■ AIM OF THE TASK
Except for the pictures, output the records in full and exactly.

**** THE DATA ****

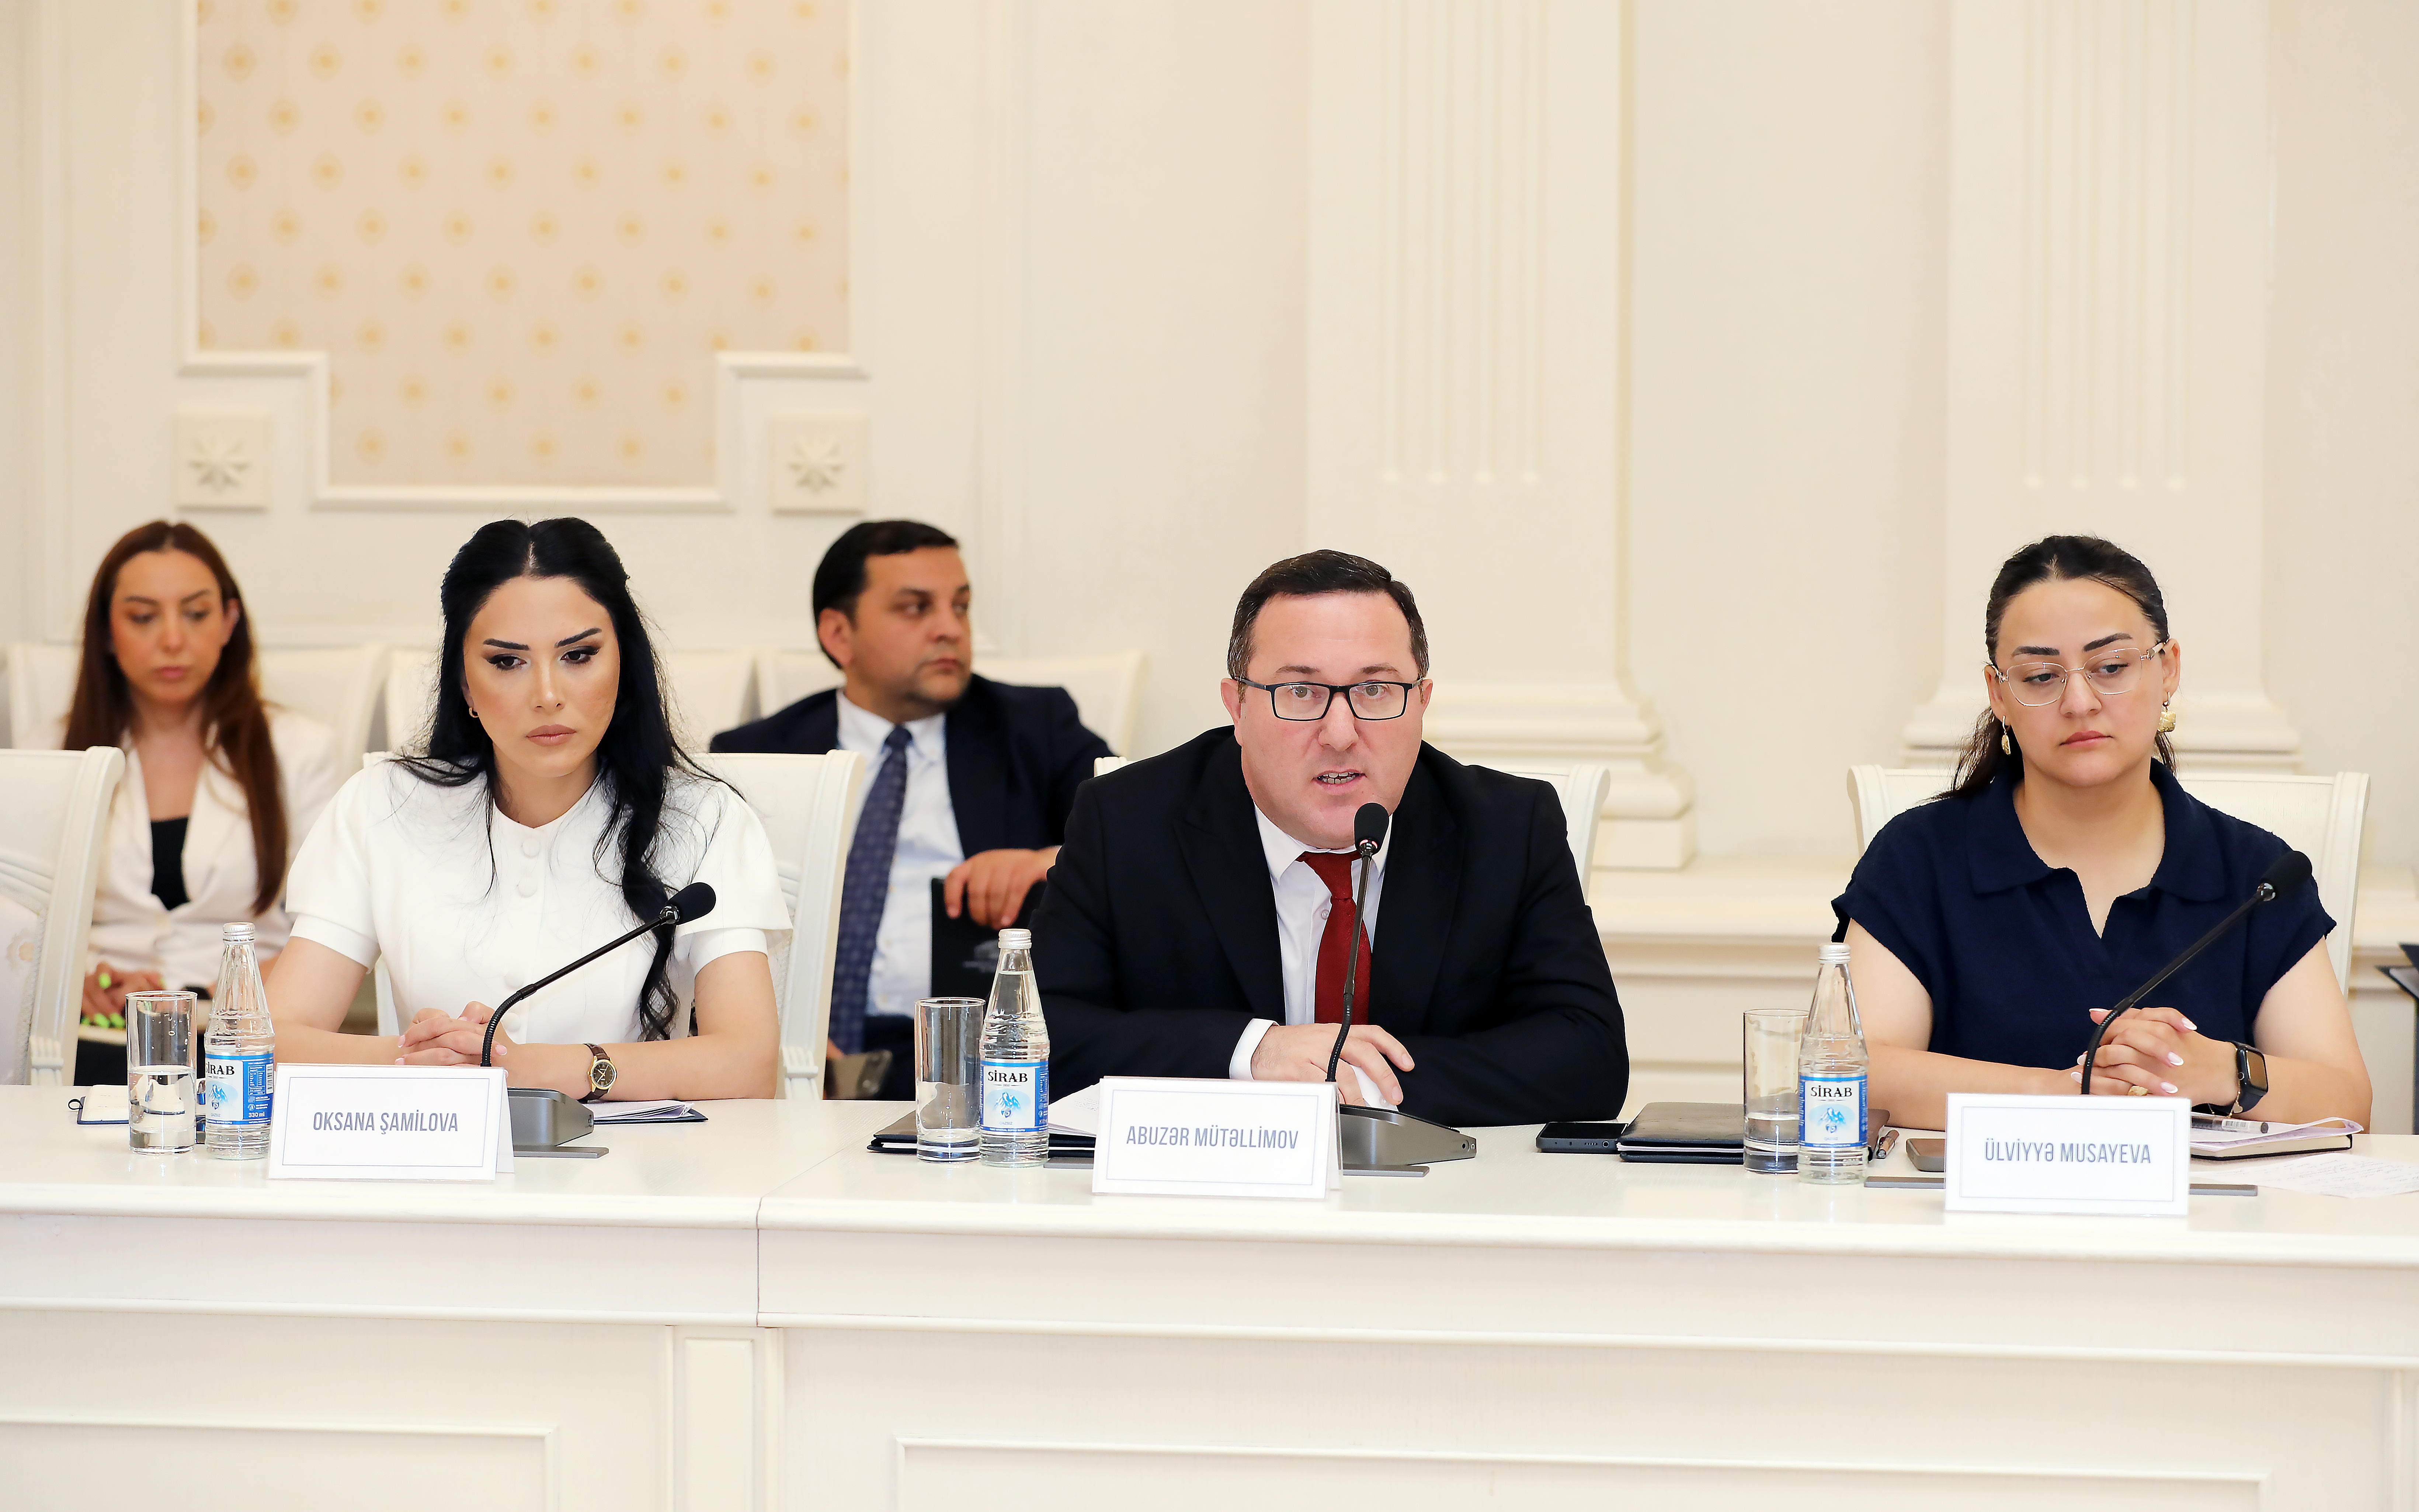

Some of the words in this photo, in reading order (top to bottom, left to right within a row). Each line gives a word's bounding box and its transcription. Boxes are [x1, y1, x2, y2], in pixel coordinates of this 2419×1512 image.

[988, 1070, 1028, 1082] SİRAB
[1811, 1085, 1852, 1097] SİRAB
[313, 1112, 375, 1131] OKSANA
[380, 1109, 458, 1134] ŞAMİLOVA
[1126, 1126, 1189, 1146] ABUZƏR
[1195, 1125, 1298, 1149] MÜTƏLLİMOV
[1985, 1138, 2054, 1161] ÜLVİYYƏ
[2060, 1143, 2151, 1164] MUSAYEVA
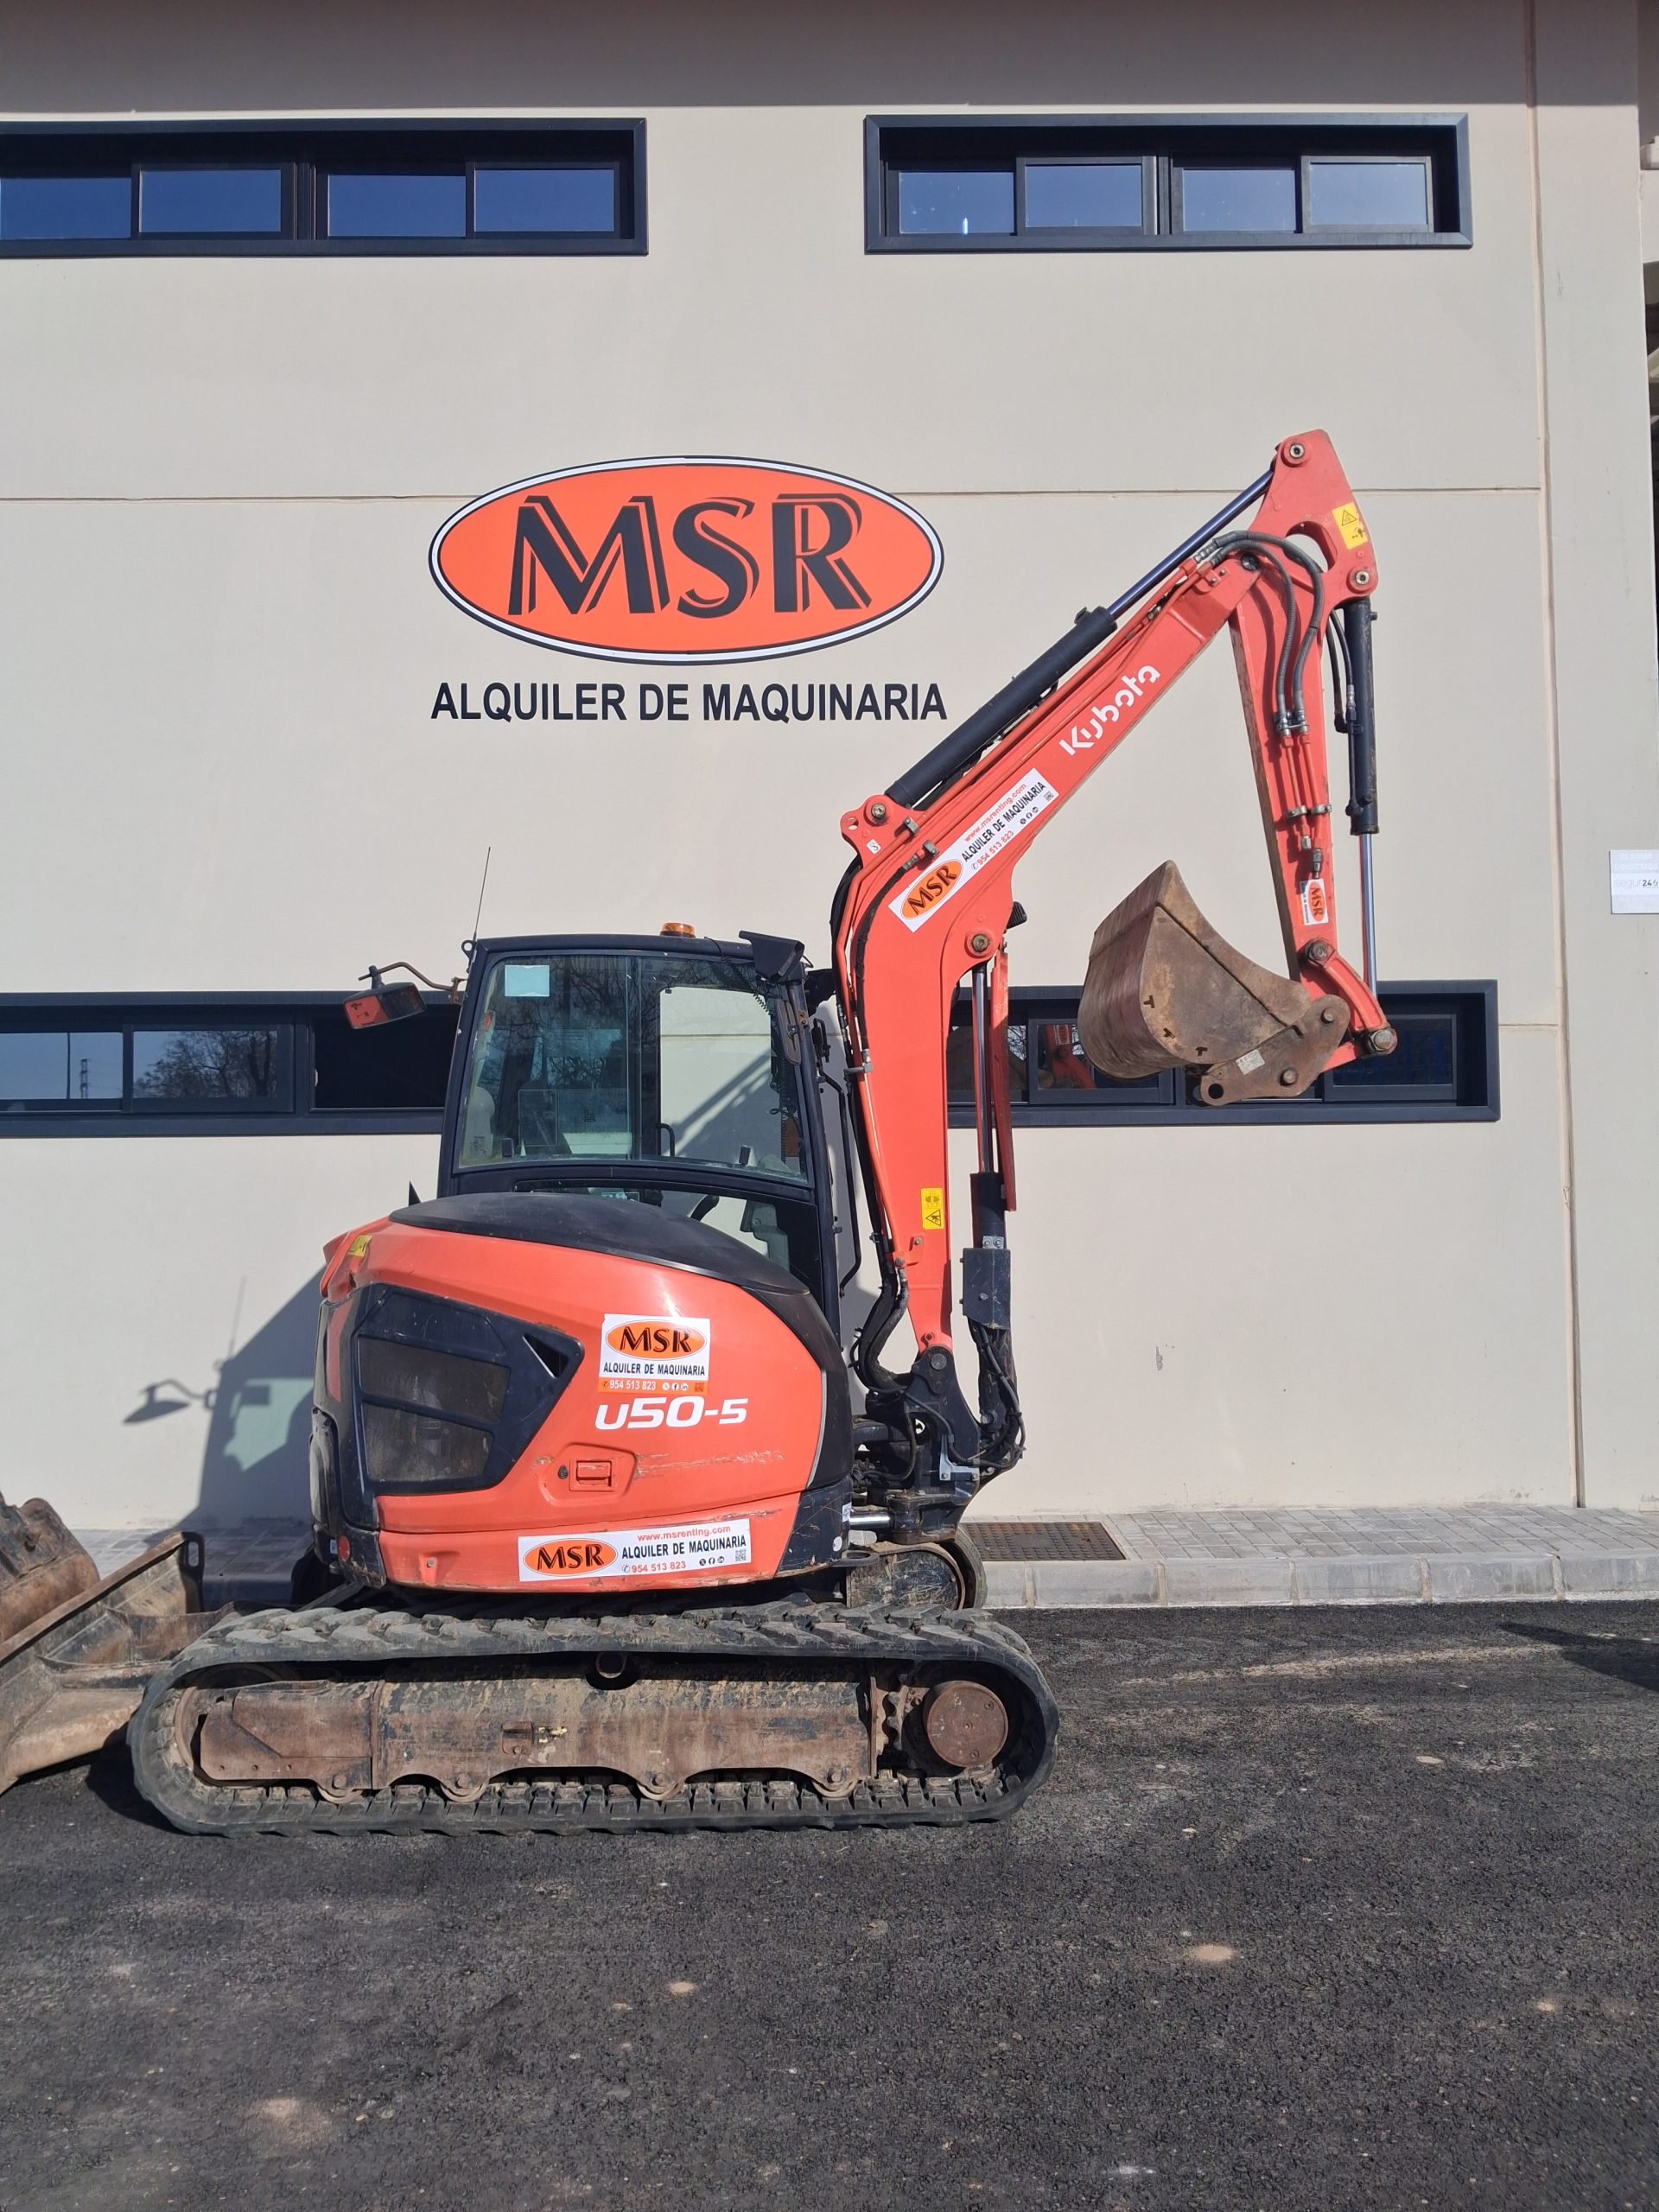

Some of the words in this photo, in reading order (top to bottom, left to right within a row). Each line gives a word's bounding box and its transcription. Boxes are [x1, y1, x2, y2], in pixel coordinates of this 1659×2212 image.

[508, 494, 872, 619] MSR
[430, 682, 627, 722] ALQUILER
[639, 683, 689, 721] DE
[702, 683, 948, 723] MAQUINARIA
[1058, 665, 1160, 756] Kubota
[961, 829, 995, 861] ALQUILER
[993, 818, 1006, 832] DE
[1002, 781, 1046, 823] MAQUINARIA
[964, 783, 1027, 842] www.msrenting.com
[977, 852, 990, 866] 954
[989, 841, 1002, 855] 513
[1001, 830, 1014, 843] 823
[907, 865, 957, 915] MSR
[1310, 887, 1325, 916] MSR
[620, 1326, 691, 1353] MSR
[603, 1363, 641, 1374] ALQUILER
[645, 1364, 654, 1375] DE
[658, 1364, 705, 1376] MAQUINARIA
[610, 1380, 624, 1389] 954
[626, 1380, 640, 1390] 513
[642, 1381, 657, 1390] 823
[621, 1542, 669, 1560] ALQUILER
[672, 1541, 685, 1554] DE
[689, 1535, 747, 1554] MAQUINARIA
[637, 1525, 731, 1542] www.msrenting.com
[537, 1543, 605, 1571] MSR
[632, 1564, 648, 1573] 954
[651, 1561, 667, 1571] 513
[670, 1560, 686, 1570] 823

****

■ WORKED SOLUTION
Some of the words in this photo, in reading order (top to bottom, left to right within a row). Each line gives a word's bounding box and its transcription. Boxes are [x1, y1, x2, y2], in pixel coordinates of this 2419×1512 image.

[988, 1070, 1028, 1082] SİRAB
[1811, 1085, 1852, 1097] SİRAB
[313, 1112, 375, 1131] OKSANA
[380, 1109, 458, 1134] ŞAMİLOVA
[1126, 1126, 1189, 1146] ABUZƏR
[1195, 1125, 1298, 1149] MÜTƏLLİMOV
[1985, 1138, 2054, 1161] ÜLVİYYƏ
[2060, 1143, 2151, 1164] MUSAYEVA

Some of the words in this photo, in reading order (top to bottom, left to right within a row). Each line gives a word's bounding box and its transcription. Boxes are [x1, y1, x2, y2], in pixel coordinates of this 1659×2212 image.

[508, 494, 872, 619] MSR
[430, 682, 627, 722] ALQUILER
[639, 683, 689, 721] DE
[702, 683, 948, 723] MAQUINARIA
[1058, 665, 1160, 756] Kubota
[961, 829, 995, 861] ALQUILER
[993, 818, 1006, 832] DE
[1002, 781, 1046, 823] MAQUINARIA
[964, 783, 1027, 842] www.msrenting.com
[977, 852, 990, 866] 954
[989, 841, 1002, 855] 513
[1001, 830, 1014, 843] 823
[907, 865, 957, 915] MSR
[1310, 887, 1325, 916] MSR
[620, 1326, 691, 1353] MSR
[603, 1363, 641, 1374] ALQUILER
[645, 1364, 654, 1375] DE
[658, 1364, 705, 1376] MAQUINARIA
[610, 1380, 624, 1389] 954
[626, 1380, 640, 1390] 513
[642, 1381, 657, 1390] 823
[621, 1542, 669, 1560] ALQUILER
[672, 1541, 685, 1554] DE
[689, 1535, 747, 1554] MAQUINARIA
[637, 1525, 731, 1542] www.msrenting.com
[537, 1543, 605, 1571] MSR
[632, 1564, 648, 1573] 954
[651, 1561, 667, 1571] 513
[670, 1560, 686, 1570] 823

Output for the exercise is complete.